2. Players need information, tools and encouragement to make informed decisions

Obviously, successful RG programs need to provide frequent and complete information to gamblers to enable them to make informed decisions, e.g., potential risks, the realistic chances of winning and losing, how to recognise and avoid a problem and where to get help.

Gaming companies have a wide range of communication vehicles to promote both their products and safer gambling practices. As well, individual staff members play a critical role in communicating with patrons, observing what is going on in the venue and, when the opportunity arises, conveying safer play information. It is, therefore, very important that staff are well trained and have the right information to address a variety of patron information situations. Staff training in responsible gambling is a logical extension of good customer service.

Obviously, good player information also implies that venues and games are advertised and promoted in a fair manner. That means, for example, not portraying gambling is certain ways, e.g., as a way to financial success, as a sure win or as a nice break from an unhappy home life.

One of the frequent comments we get from gamblers who have had problems is the issue of “zoning out” or being ”in the zone.” They report losing touch with the realities around them. When this happens, players are not making informed decisions but rather are driven by a compulsion that overrides reasonable self-awareness. In the words of one gaming employee, “they don’t have a stop button.” RG Check therefore looks for counterbalancing influences. Are there time cues? Is the venue open 24 hours? Again, are breaks encouraged? Do players get any feedback about their time and expenditures? Is staff observing long periods of play? Are the amenities/venue features structured in a way that breaks are easy and enticing?

As good as a player education program may be, it will never be sufficient. It is not possible to reduce problem gambling by addressing only the demand side of the equation, i.e., the patron side. That would be like trying to reduce auto accidents by driver education alone. That will never be enough to satisfy the customer protection mandate of any business.

3. Help for those who need it

Occasionally patrons will indicate that they may have a gambling problem or ask staff members where they can get help. Most venues are quite good at providing that type of information in response to overt questions. But that type of situation is rare.

Some people who gamble in venues exhibit observable and well-documented signs that they may have a gambling problem. That may mean distress or anger or abuse or staying for extended periods or ignoring personal hygiene.
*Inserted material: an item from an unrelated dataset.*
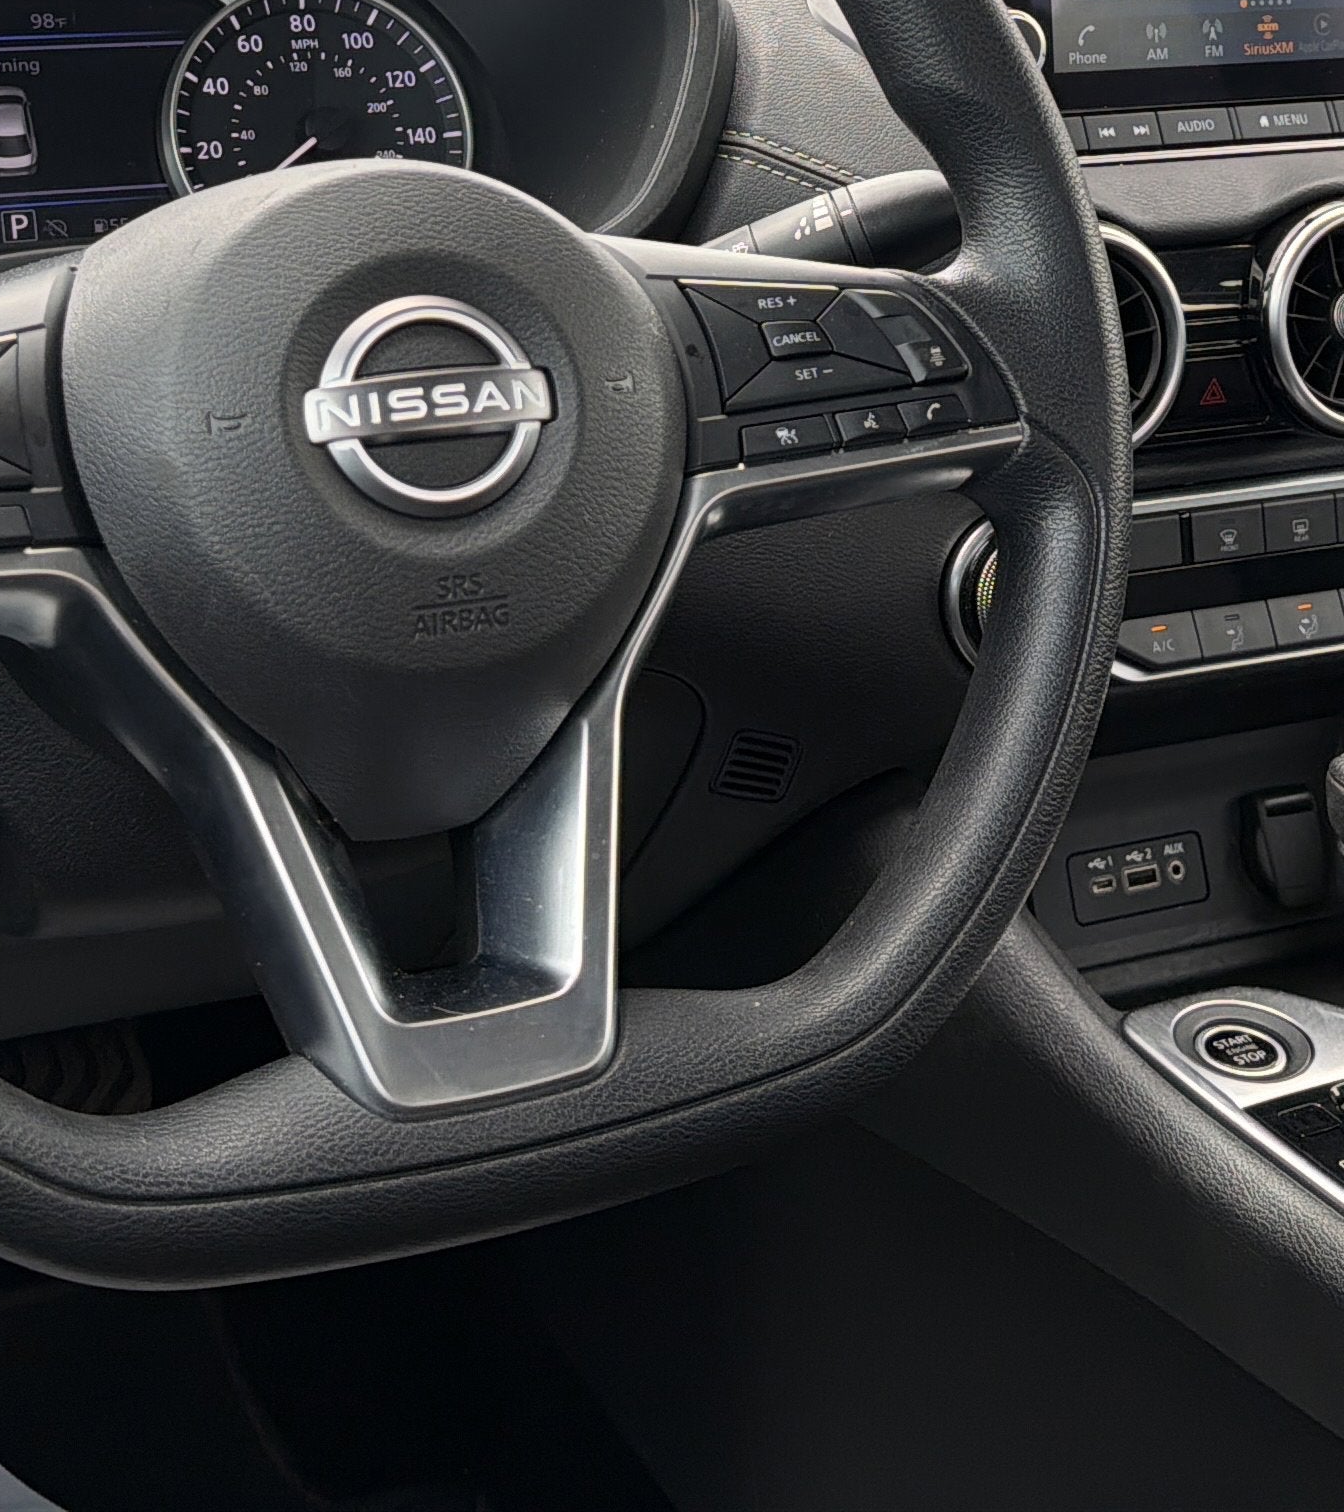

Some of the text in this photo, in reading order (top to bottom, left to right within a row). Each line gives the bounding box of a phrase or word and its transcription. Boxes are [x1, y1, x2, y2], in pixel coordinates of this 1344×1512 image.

These signs, individually, may not mean anything. When they are part of a pattern or a sudden change in behaviours should signal a potential problem. The RG Check standards build in the expectation that there should be processes in place for identifying people who may have problems and assisting them. This is not diagnosing or treating a problem but, rather, systematically addressing these situations in a respectful way. Here again well-trained staff plays a crucial role in noting potential problems and addressing them.

4. Cautiously managed access to money

We also believe that access to money should be controlled in a way that mitigates impulsive and excessive access to cash and, more importantly, credit. Controlling access to money is intuitively appealing as an important RG measure. But beyond this, we heard this theme from a wide range of experts several years ago when we did a joint research project with the Saskatchewan Liquor and Gaming Corporation.

In the end, it takes all of these elements to form an effective safety net.